Kiss Kiss Bang Bang (2005; d. Shane Black; Robert Downey, Jr., Val Kilmer, Michelle Monaghan) Following an abomination of a style piece like Domino with another style piece is dangerous. Style pieces often don't work, which sets me up to see yet another awful film. Style pieces don't work as a function of a timeworn principle of mine, which states that 'you are neither as cool nor as shitty as you think you are.'

To build a film around flashiness, deconstruction, and pithy self-awareness, you have to be supremely convinced of your coolness and your uncoolness all at once. You have to say 'look at me,' even as you undo the skein of whatever it is that you're doing that makes you interesting. Take for example, Hudson Hawk. This movie was an exercise in stylization. At no point did the movie let you forget that you were watching a movie. It played with time, setting, ended scenes randomly, and broke the fourth wall constantly. Either you find this anticness endearing and loveable (as I did, but I freely confess that Bruce Willis is a personal hero, and that his run on Moonlighting, which featured many of these same tricks, were formative for me--more on this another time) or you find the movie to be atrocious, because it holds you at a distance, mocks you for watching it, and laughs at you as often as you laugh at it. Which are also reasons that I love Hudson Hawk.
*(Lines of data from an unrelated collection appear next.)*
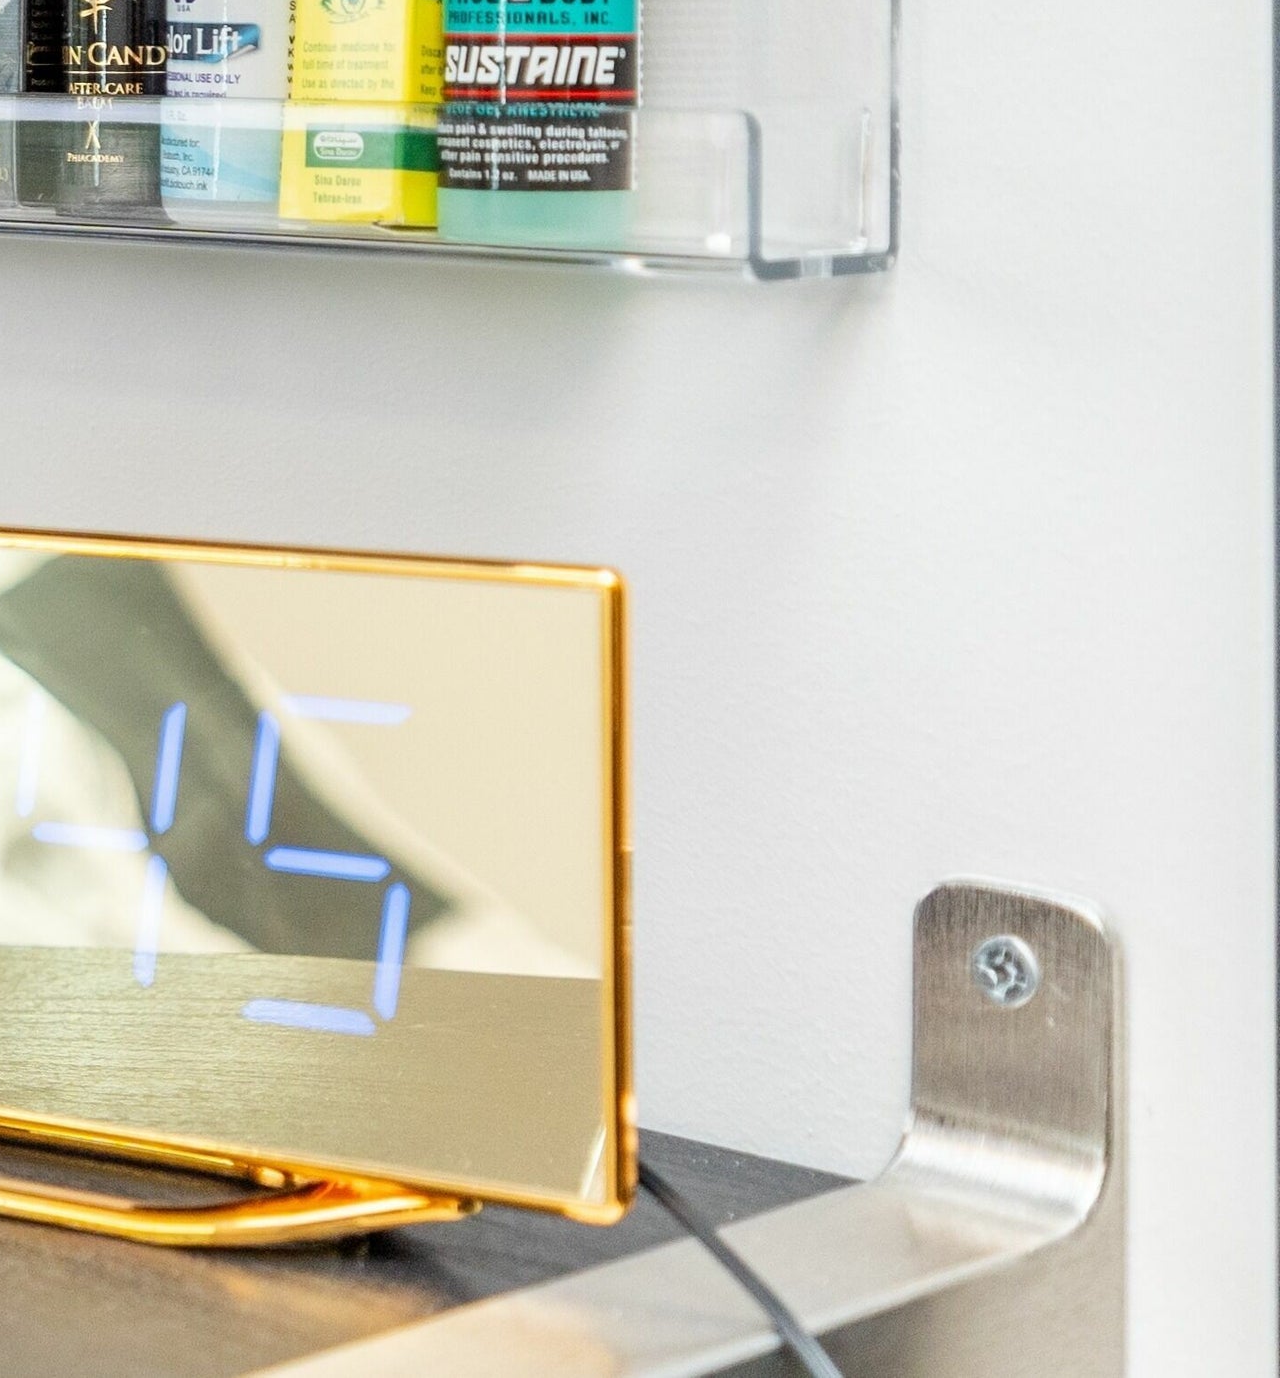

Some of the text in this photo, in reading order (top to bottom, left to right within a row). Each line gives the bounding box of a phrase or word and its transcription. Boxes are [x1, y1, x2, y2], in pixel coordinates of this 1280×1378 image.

[196, 25, 242, 55] Lift
[88, 41, 170, 66] CAND
[195, 73, 212, 83] USE
[69, 82, 144, 95] AFTER CARE
[489, 124, 542, 139] swelling
[545, 124, 585, 139] during
[527, 169, 557, 181] MADE
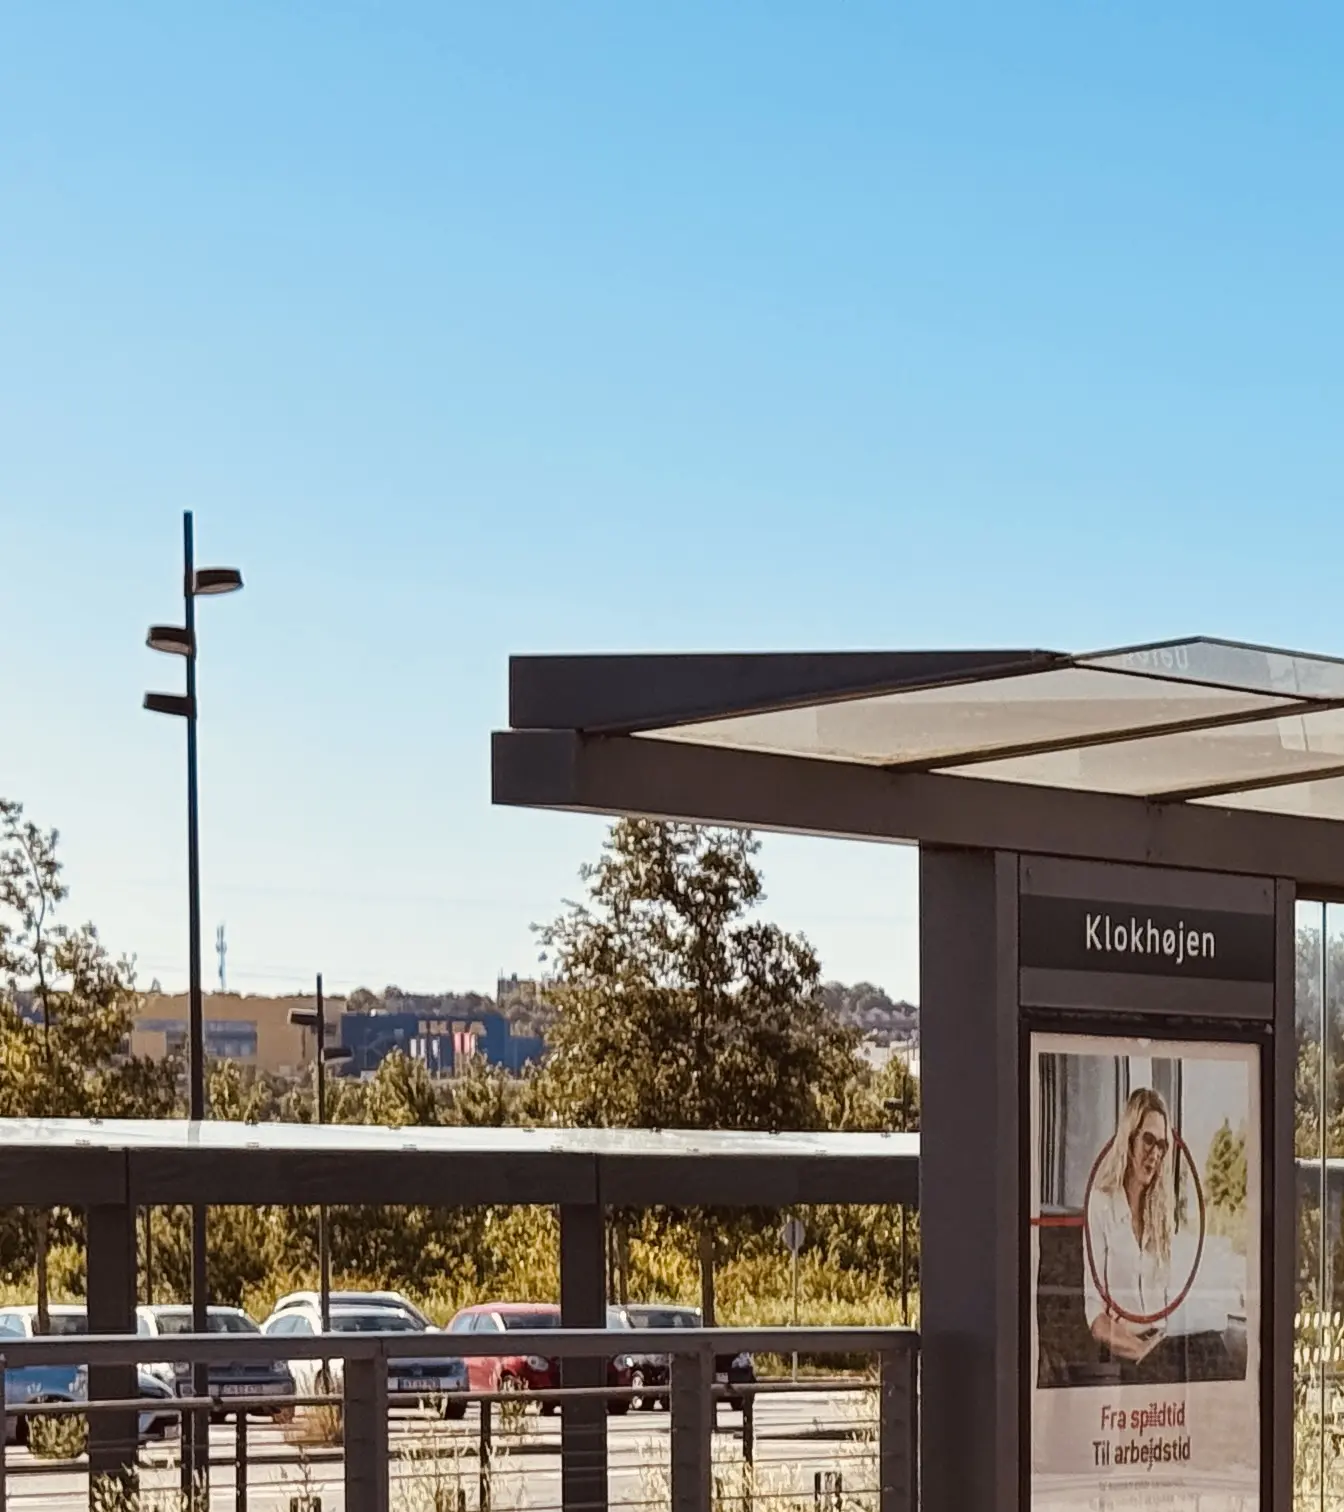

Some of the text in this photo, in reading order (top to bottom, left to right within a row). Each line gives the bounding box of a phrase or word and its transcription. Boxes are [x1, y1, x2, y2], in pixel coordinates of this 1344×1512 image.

[1086, 913, 1215, 964] Klokhøjen
[1101, 1400, 1185, 1436] Fra spildtid
[1093, 1435, 1191, 1472] Til arbejdstid
I've already cited Domino as an exercise in stylization that does not pay off. Again, it plays with time, setting, and never quite lets you forget you're in a movie by employing 90210 actors as themselves. However, I believe Domino holds you at a distance with contempt. It has no sense of humor about itself, instead snarking about you and your bourgeois values about storytelling cliches like character and plot. Domino is the hot stupid girl at a party who regards you with a gimlet eye without realizing she has toilet paper stuck to her shoe.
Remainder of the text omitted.